Referring expression grounding data
# # # #

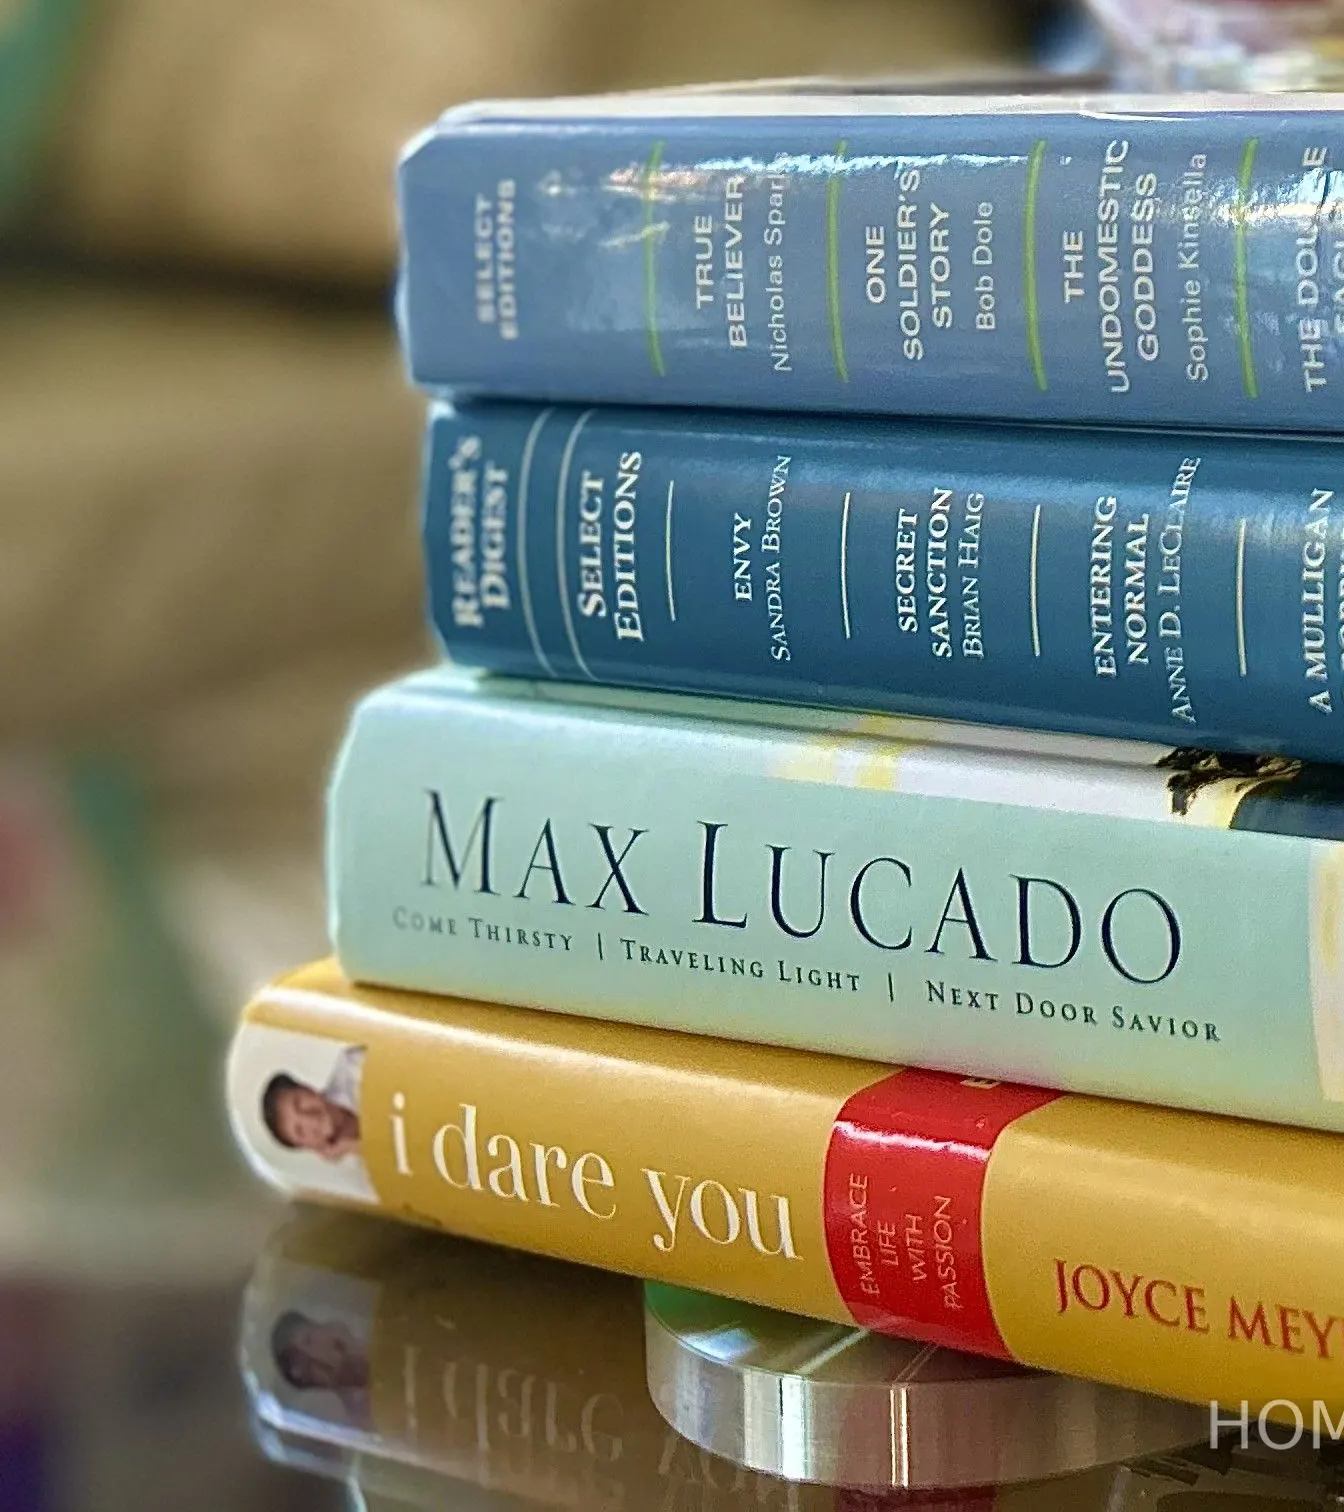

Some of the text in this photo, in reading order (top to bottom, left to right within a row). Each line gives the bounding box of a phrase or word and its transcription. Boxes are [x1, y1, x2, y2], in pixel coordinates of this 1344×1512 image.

[475, 192, 496, 323] SELECT
[496, 178, 518, 340] EDITIONS
[694, 214, 714, 309] TRUE
[725, 173, 748, 348] BELIEVER
[764, 253, 793, 372] Nicholas
[866, 225, 886, 304] ONE
[896, 168, 924, 361] SOLDIER'S
[930, 202, 953, 330] STORY
[972, 200, 997, 330] Bob Dole
[1062, 229, 1086, 304] THE
[1098, 138, 1130, 393] UNDOMESTIC
[1131, 171, 1160, 362] GODDESS
[1178, 152, 1210, 383] Sophie Kinsella
[1296, 144, 1329, 393] THE DOUE
[447, 435, 484, 629] READER'S
[480, 460, 512, 610] DIGEST
[576, 470, 607, 619] SELECT
[612, 450, 645, 642] EDITIONS
[731, 512, 753, 603] ENVY
[760, 455, 793, 663] SANDRA BROWN
[895, 507, 920, 634] SECRET
[925, 486, 955, 660] SANCTION
[958, 491, 986, 660] BRIAN HAIG
[1090, 493, 1119, 677] ENTERING
[1123, 512, 1151, 666] NORMAL
[1301, 487, 1336, 714] A MULLIGAN
[1158, 603, 1183, 638] D.
[1166, 645, 1197, 724] ANNE
[420, 788, 1183, 985] MAX LUCADO
[392, 905, 1222, 1043] COME THIRSTY TRAVELING LIGHT NEXT DOOR SAVIOR
[389, 1091, 805, 1261] i dare you
[848, 1172, 881, 1298] EMBRACE
[876, 1219, 899, 1267] LIFE
[904, 1213, 928, 1282] WITH
[933, 1194, 964, 1311] PASSION
[1055, 1258, 1209, 1334] JOYCE

# # # #

*WHAT YOU NEED TO DO*
Your answer must be an exact copy of the records, with no pictures in it.

*TASK OUTPUT*
Some of the text in this photo, in reading order (top to bottom, left to right within a row). Each line gives the bounding box of a phrase or word and its transcription. Boxes are [x1, y1, x2, y2], in pixel coordinates of this 1344×1512 image.

[475, 192, 496, 323] SELECT
[496, 178, 518, 340] EDITIONS
[694, 214, 714, 309] TRUE
[725, 173, 748, 348] BELIEVER
[764, 253, 793, 372] Nicholas
[866, 225, 886, 304] ONE
[896, 168, 924, 361] SOLDIER'S
[930, 202, 953, 330] STORY
[972, 200, 997, 330] Bob Dole
[1062, 229, 1086, 304] THE
[1098, 138, 1130, 393] UNDOMESTIC
[1131, 171, 1160, 362] GODDESS
[1178, 152, 1210, 383] Sophie Kinsella
[1296, 144, 1329, 393] THE DOUE
[447, 435, 484, 629] READER'S
[480, 460, 512, 610] DIGEST
[576, 470, 607, 619] SELECT
[612, 450, 645, 642] EDITIONS
[731, 512, 753, 603] ENVY
[760, 455, 793, 663] SANDRA BROWN
[895, 507, 920, 634] SECRET
[925, 486, 955, 660] SANCTION
[958, 491, 986, 660] BRIAN HAIG
[1090, 493, 1119, 677] ENTERING
[1123, 512, 1151, 666] NORMAL
[1301, 487, 1336, 714] A MULLIGAN
[1158, 603, 1183, 638] D.
[1166, 645, 1197, 724] ANNE
[420, 788, 1183, 985] MAX LUCADO
[392, 905, 1222, 1043] COME THIRSTY TRAVELING LIGHT NEXT DOOR SAVIOR
[389, 1091, 805, 1261] i dare you
[848, 1172, 881, 1298] EMBRACE
[876, 1219, 899, 1267] LIFE
[904, 1213, 928, 1282] WITH
[933, 1194, 964, 1311] PASSION
[1055, 1258, 1209, 1334] JOYCE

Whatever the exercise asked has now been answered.